Изучив реестр, спросил тихим скрипучим голосом:
- С кого начнем, Ванька?
Каин одернул:
- Давай сразу договоримся, Петр Зосимыч. Ванькой меня звали, когда несмышленышем был. Ты не ваше сиятельство и не купец первогильдейный, так что зови меня Иваном Осиповичем, или, на худой конец, Иваном.
Подьячий пожевал блеклыми тонкими губами, недовольно сверкнул острыми глазами и проскрипел:
- Велика честь для разбойника по отчеству его величать. Сойдешь и Иваном.
- Так тому и быть, подьячий. А начнем мы с Тимошки Козыря, что держит вертеп в Кривом переулке.
- Давно его ловим, но ускользает, как мышь через щелку.
- Ныне не ускользнет. Но брать его буду я один.
- С ума спятил, Ванька!
- Опять?
- Запамятовал. Тимошка, как мне ведомо, вор пройдошливый, и всегда с ним дружки-ухарцы с ножами, а, бывает, и с ружьями. Мудрено его одному взять, Иван. Тут надо всем караулом навалиться, да и то без крови не уладить.
- Без крови возьмем. Выслушай меня внимательно. Для первого раза караул не понадобиться, ибо Тимошка знает обо мне только одно, что я где-то разбойничаю, а посему мое появление в его хазе пройдет гладко Он встретит бывшего вожака Москвы подобающим образом.
- Допустим, а что дальше?
- Часа через два приходи Петр Зосимыч в кабак на Зарядье со всем караулом, непременно с заднего входа, и ждите меня в комнате целовальника.
- И долго сидеть?
- Пока я в комнате с Тимошкой не покажусь. Берите и меня, чтоб Козырь ничего не заподозрил.

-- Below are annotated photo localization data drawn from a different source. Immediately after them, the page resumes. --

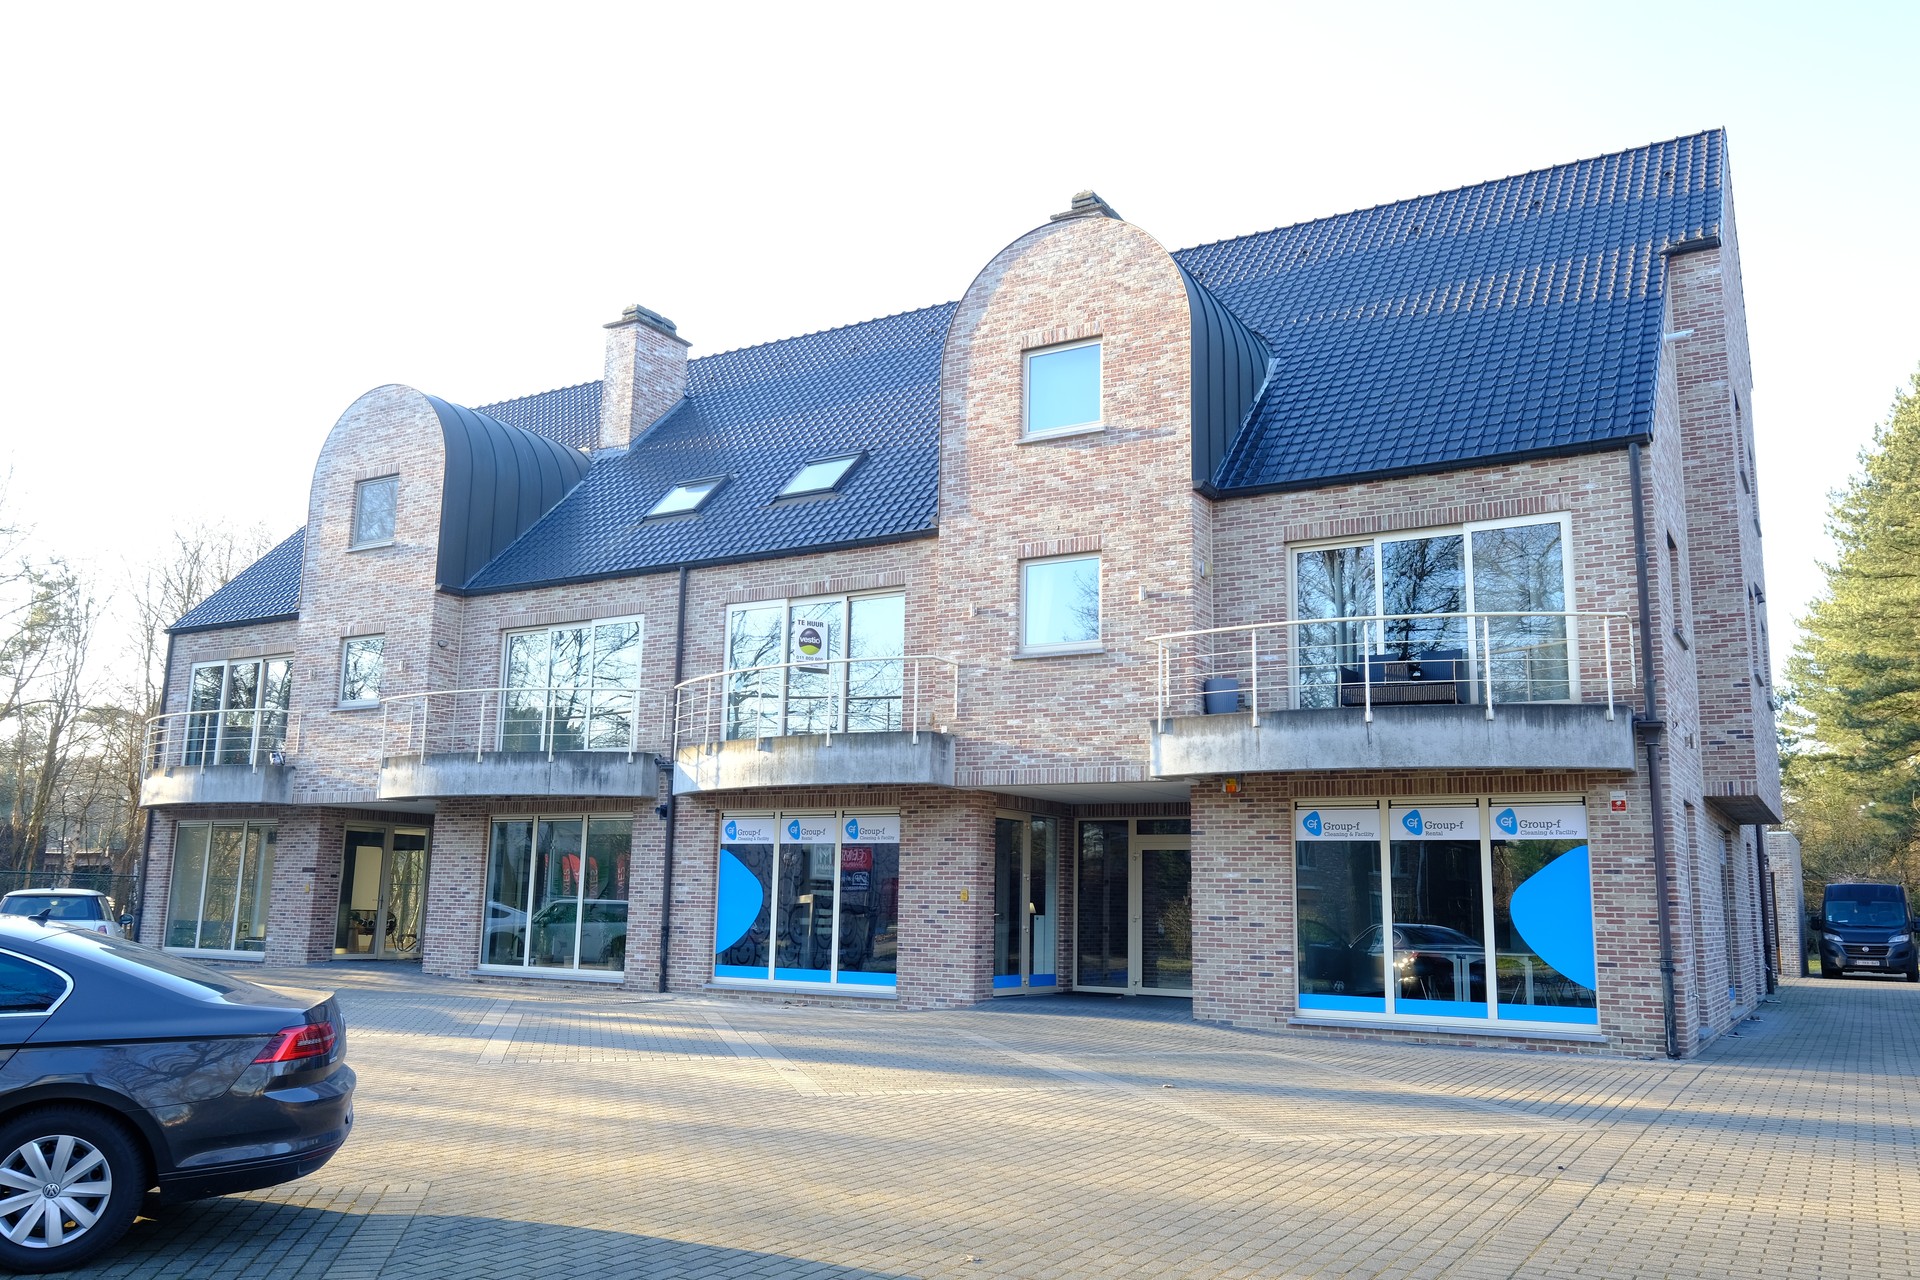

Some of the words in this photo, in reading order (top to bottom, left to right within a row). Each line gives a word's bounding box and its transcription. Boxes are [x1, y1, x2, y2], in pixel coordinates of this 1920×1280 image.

[1323, 822, 1360, 832] Group-f
[1424, 820, 1464, 831] Group-f
[1519, 819, 1561, 830] Group-f
[737, 829, 761, 837] Group-f
[801, 828, 826, 836] Group-f
[859, 827, 885, 836] Group-f

- Не сорвешь дело, Иван? Смотри, а то сам в камере окажешься и меня под монастырь подведешь.
- Не трясись, Зосимыч. Запомни: у Каина промашек не бывает.
… Притон в Кривом переулке Иван знал с давних пор, поэтому знакомую избу искать не пришлось. Дом когда-то занимал хамовник Гришка по кличке Костыль. Жена и две дочери ткали столовое белье на дворец, а когда императрица Анна Иоанновна перебралась в Петербург, ремесло в доме Гришки захирело. Костыль запил, опустился, а дочери угодили в руки одного из крупных воров, кой и превратил дом хозяина в вертеп.
Костыль (с детства хромал) однажды наклюкался в Крещенские морозы зеленого змия и замерз, не дойдя до избы, в сугробе. Девки, чтобы не помереть с голоду, стали марухами гопников и так привыкли к вину, что пили наравне с ворами.
В последний год, как рассказывал Дормидонтыч, Тимошка Козырь стал главарем одной из многочисленных шаек и хозяином притона.
На крыльце сидели двое парней с подгулявшими лицами. В пестрядинных косоворотках, краснорожие, в руке одного - скляница с сивухой.
Метнули глаза на подошедшего Каина (чужой!), грубо спросили:
- Чо тебе?
- К Тимохе иду. На месте?
- Не знаем такого. Проваливай!
"Обычный ответ шестерок, оберегающих своего главаря".
- Буде бодягу разводить. Я от Митьки Лебедя. Разговор есть.
- Что за Митька?
- Где живет?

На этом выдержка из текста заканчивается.